Text-to-region grounding data
--- START ---
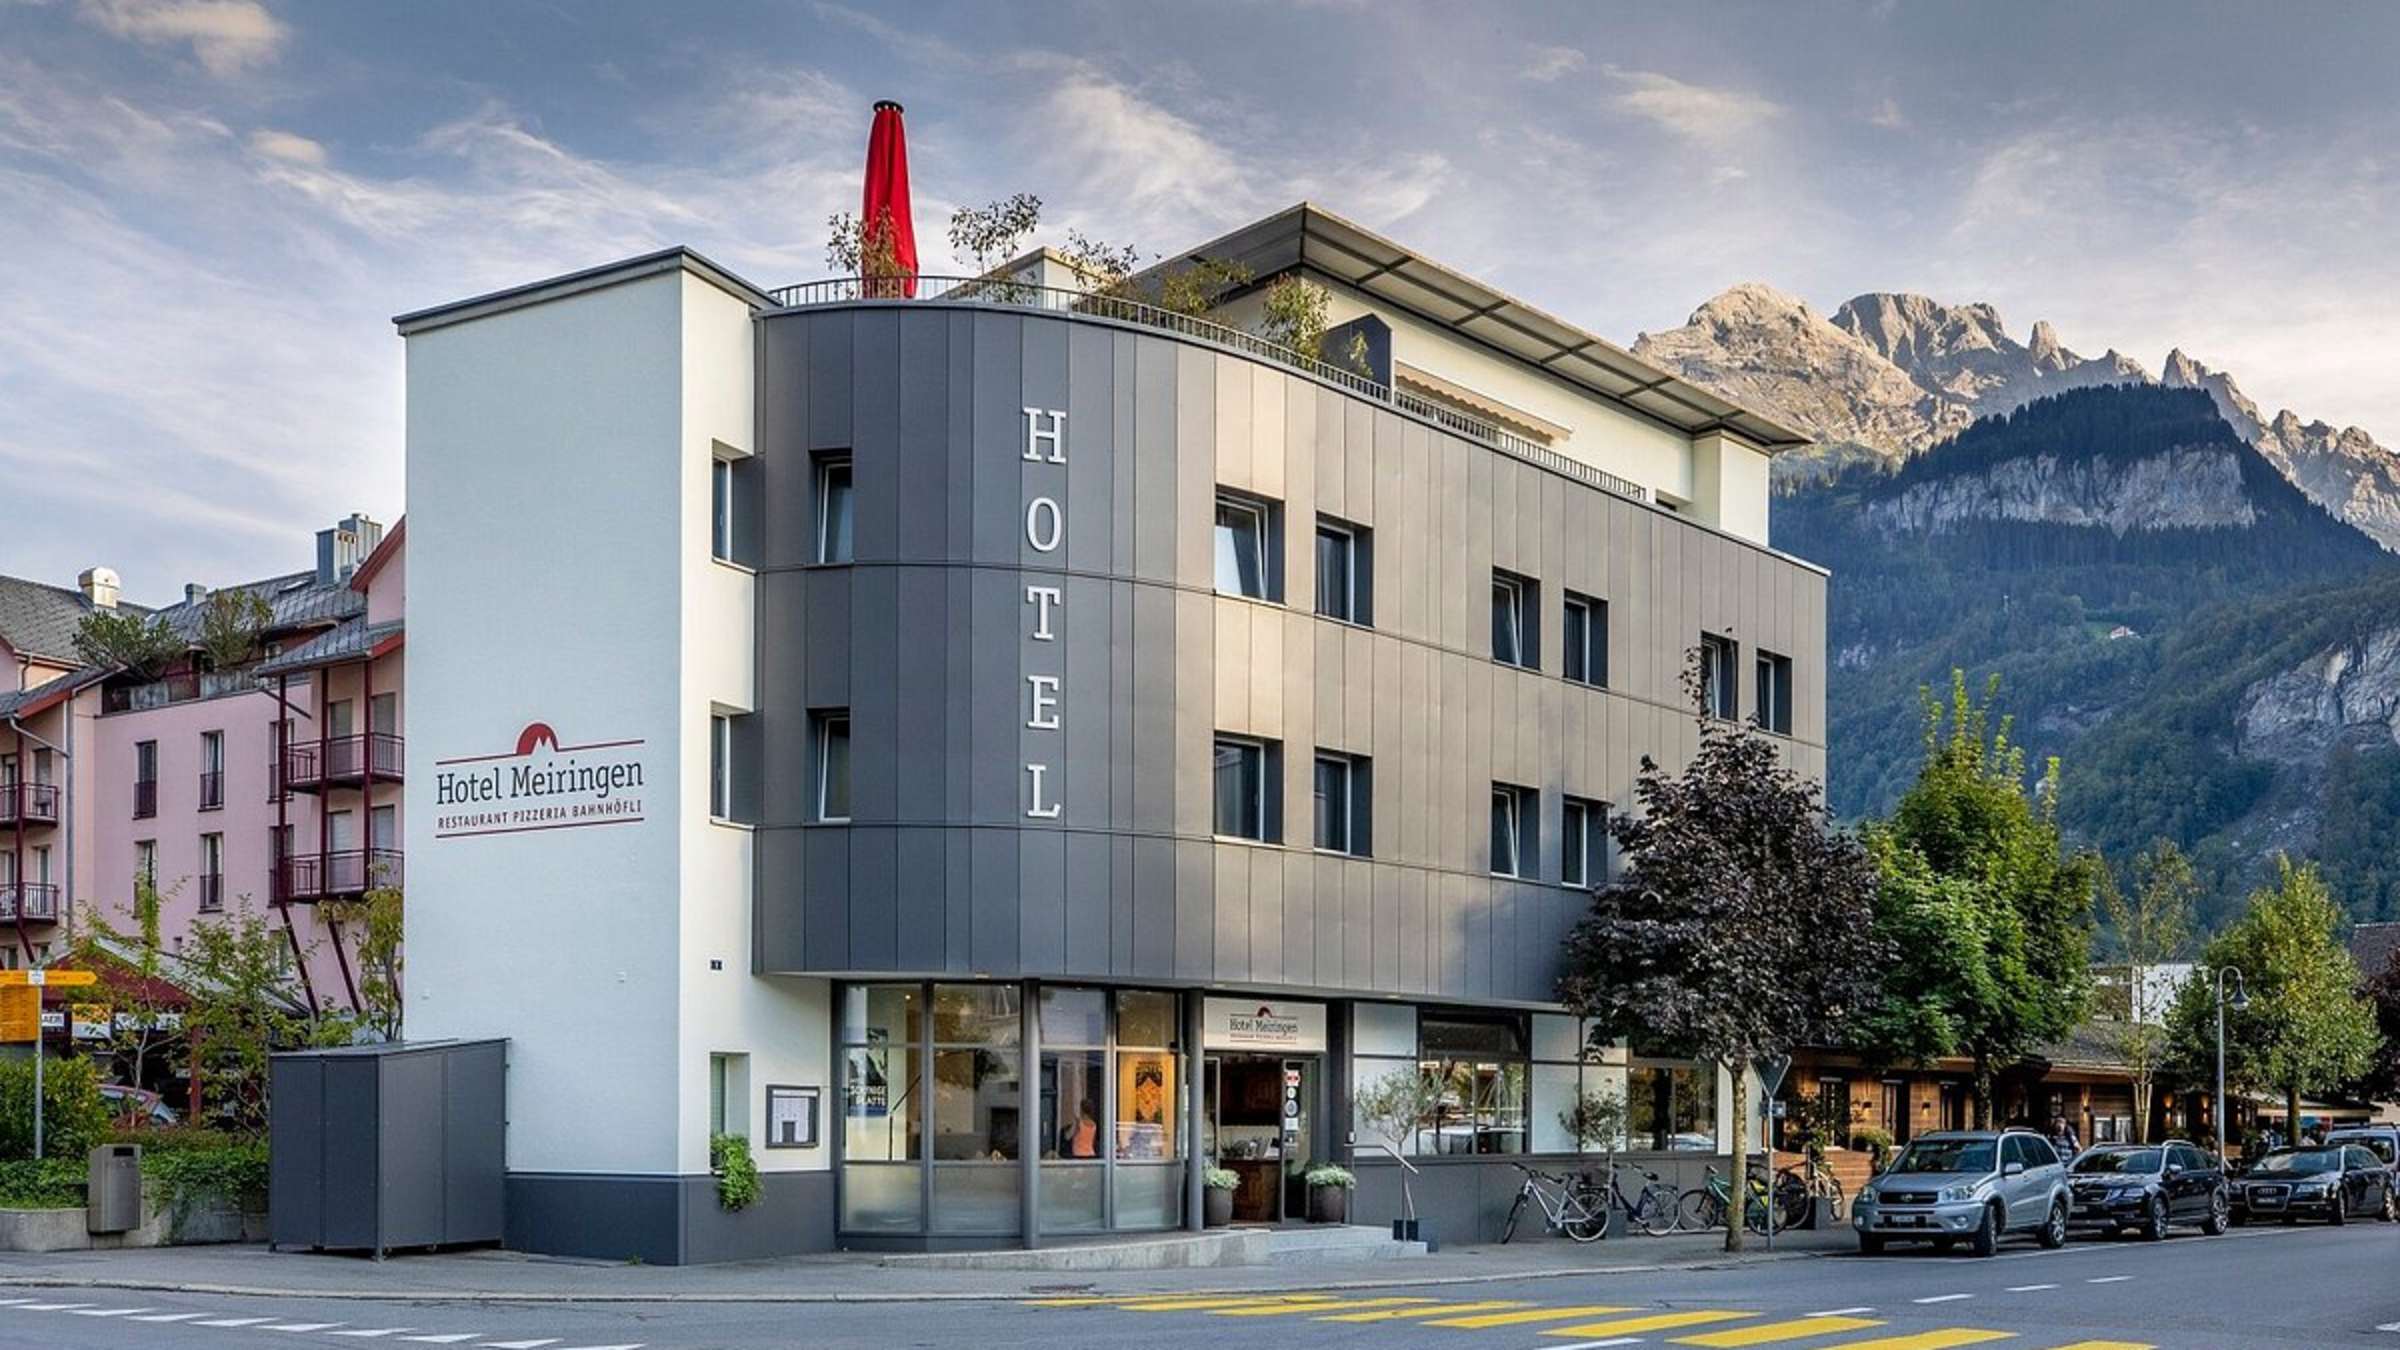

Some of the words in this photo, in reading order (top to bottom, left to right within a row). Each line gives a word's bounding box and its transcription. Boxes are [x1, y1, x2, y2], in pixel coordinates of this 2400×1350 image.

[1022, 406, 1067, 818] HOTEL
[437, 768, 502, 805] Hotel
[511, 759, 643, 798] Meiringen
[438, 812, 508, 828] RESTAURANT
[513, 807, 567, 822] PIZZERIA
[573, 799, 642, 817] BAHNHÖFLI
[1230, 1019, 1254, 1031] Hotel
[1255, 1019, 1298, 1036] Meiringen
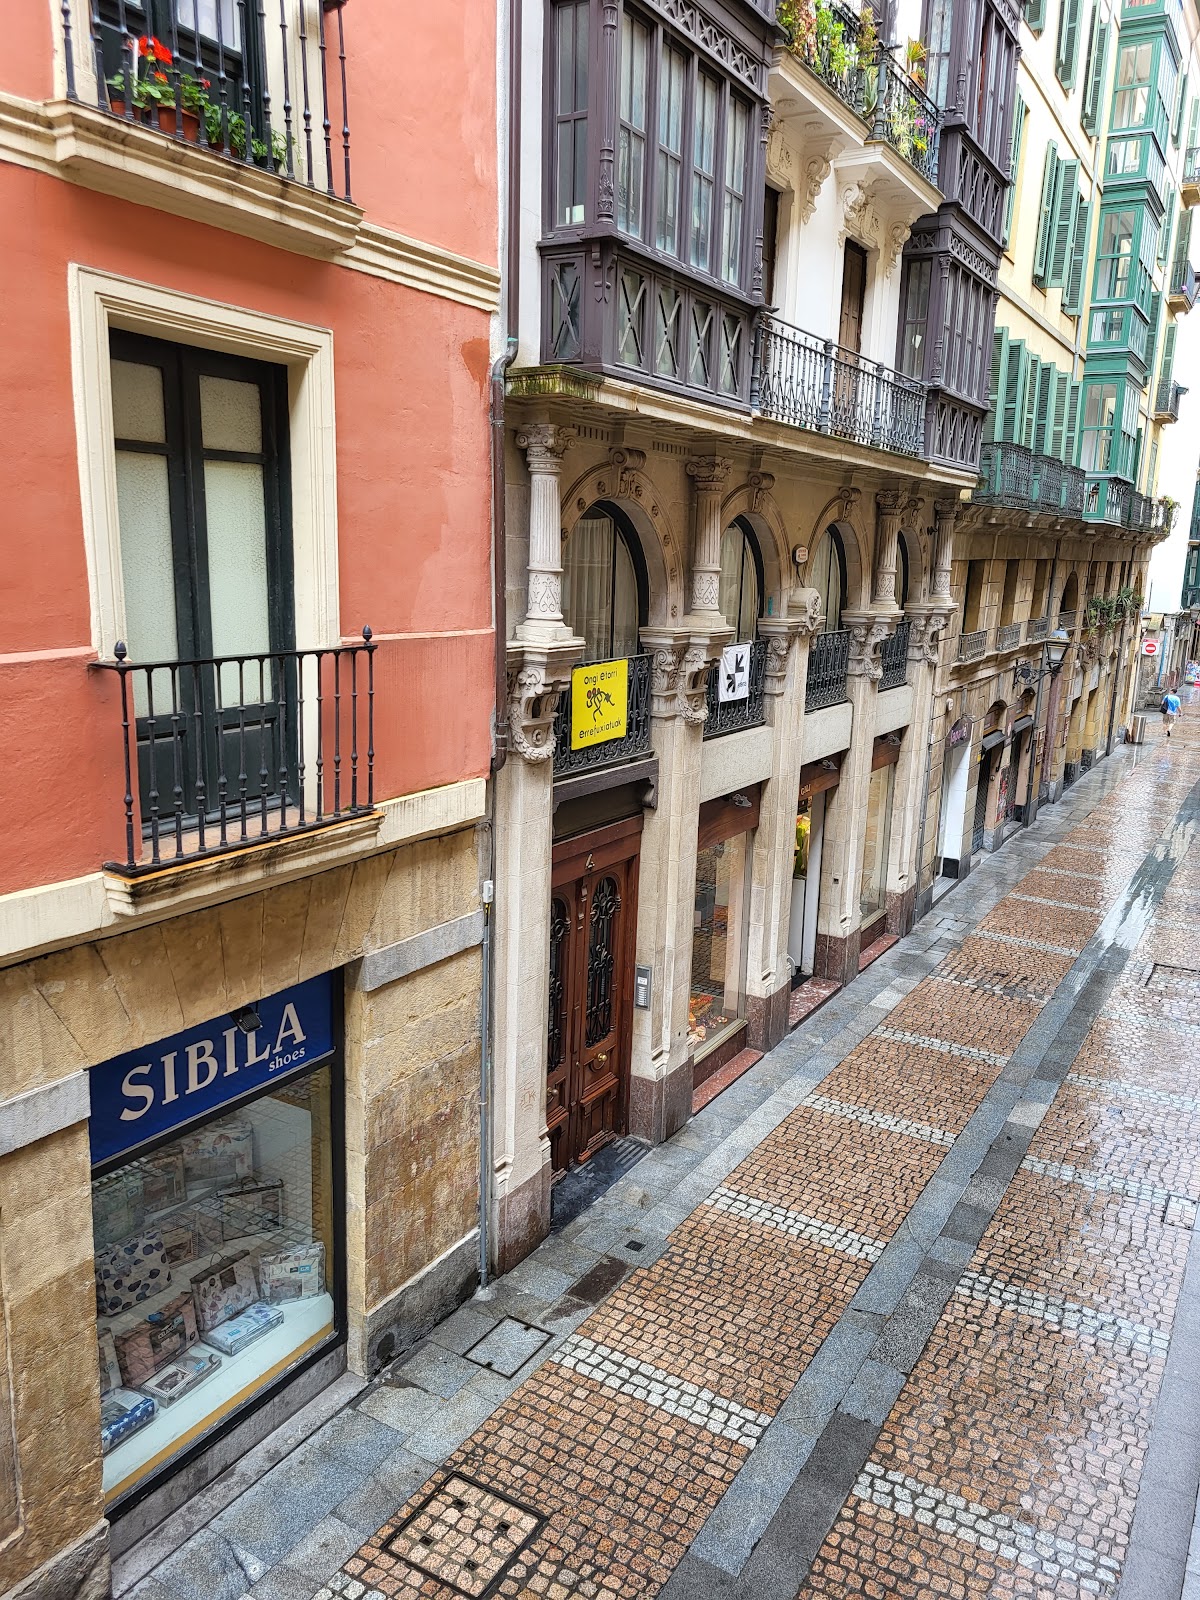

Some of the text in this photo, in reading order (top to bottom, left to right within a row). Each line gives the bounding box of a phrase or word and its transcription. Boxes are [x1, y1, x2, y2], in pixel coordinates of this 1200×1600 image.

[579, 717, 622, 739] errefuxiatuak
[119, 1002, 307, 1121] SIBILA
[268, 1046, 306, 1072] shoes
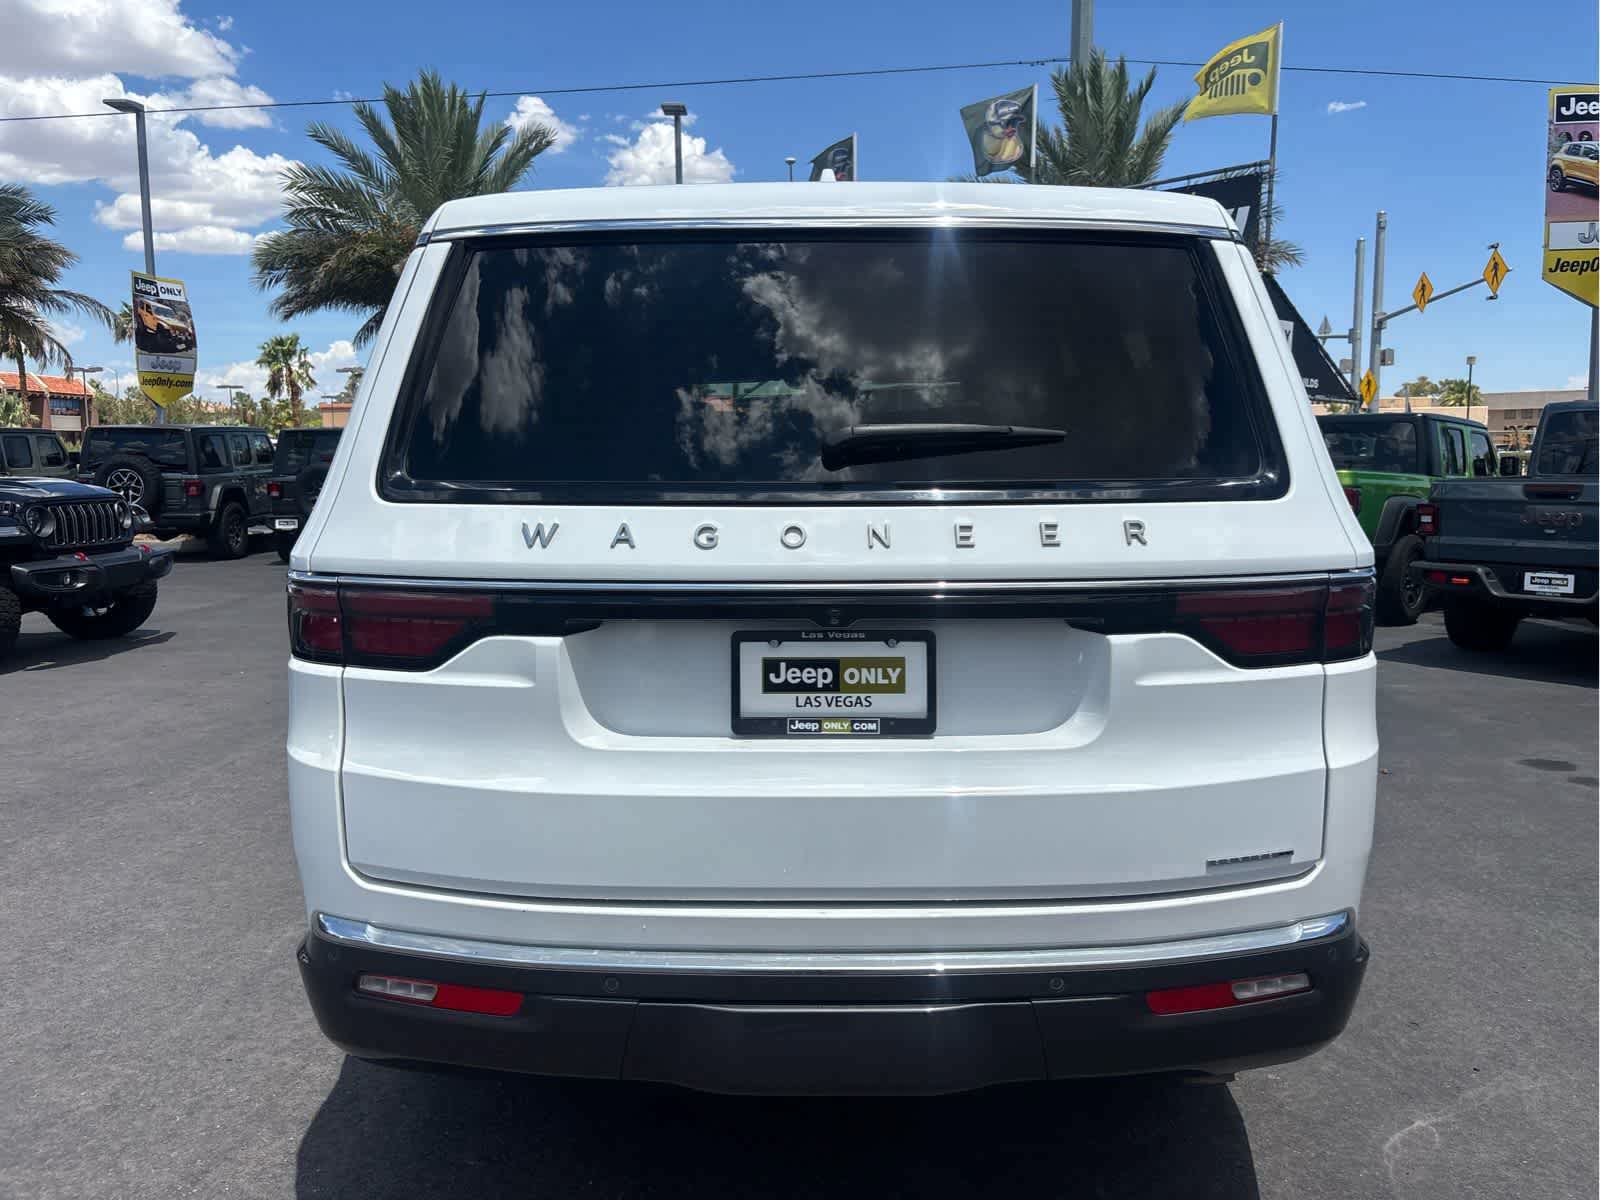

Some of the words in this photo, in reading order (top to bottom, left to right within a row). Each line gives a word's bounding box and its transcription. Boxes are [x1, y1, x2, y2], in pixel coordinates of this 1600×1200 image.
--- END ---
**EXERCISE DIRECTIONS**
Word for word, set down every record, keeping the images out.

**SOLUTION FOR THIS TASK**
Some of the words in this photo, in reading order (top to bottom, left to right within a row). Each line gives a word's bounding box and its transcription. Boxes are [x1, y1, x2, y2], in pixel coordinates of this 2400×1350 image.

[1022, 406, 1067, 818] HOTEL
[437, 768, 502, 805] Hotel
[511, 759, 643, 798] Meiringen
[438, 812, 508, 828] RESTAURANT
[513, 807, 567, 822] PIZZERIA
[573, 799, 642, 817] BAHNHÖFLI
[1230, 1019, 1254, 1031] Hotel
[1255, 1019, 1298, 1036] Meiringen

Some of the text in this photo, in reading order (top to bottom, left to right within a row). Each line gives the bounding box of a phrase or word and its transcription. Boxes are [x1, y1, x2, y2], in pixel coordinates of this 1200×1600 image.

[579, 717, 622, 739] errefuxiatuak
[119, 1002, 307, 1121] SIBILA
[268, 1046, 306, 1072] shoes

Some of the words in this photo, in reading order (top to bottom, left to right within a row). Each line gives a word's bounding box and its transcription. Boxes are [x1, y1, x2, y2], in pixel coordinates of this 1600×1200 image.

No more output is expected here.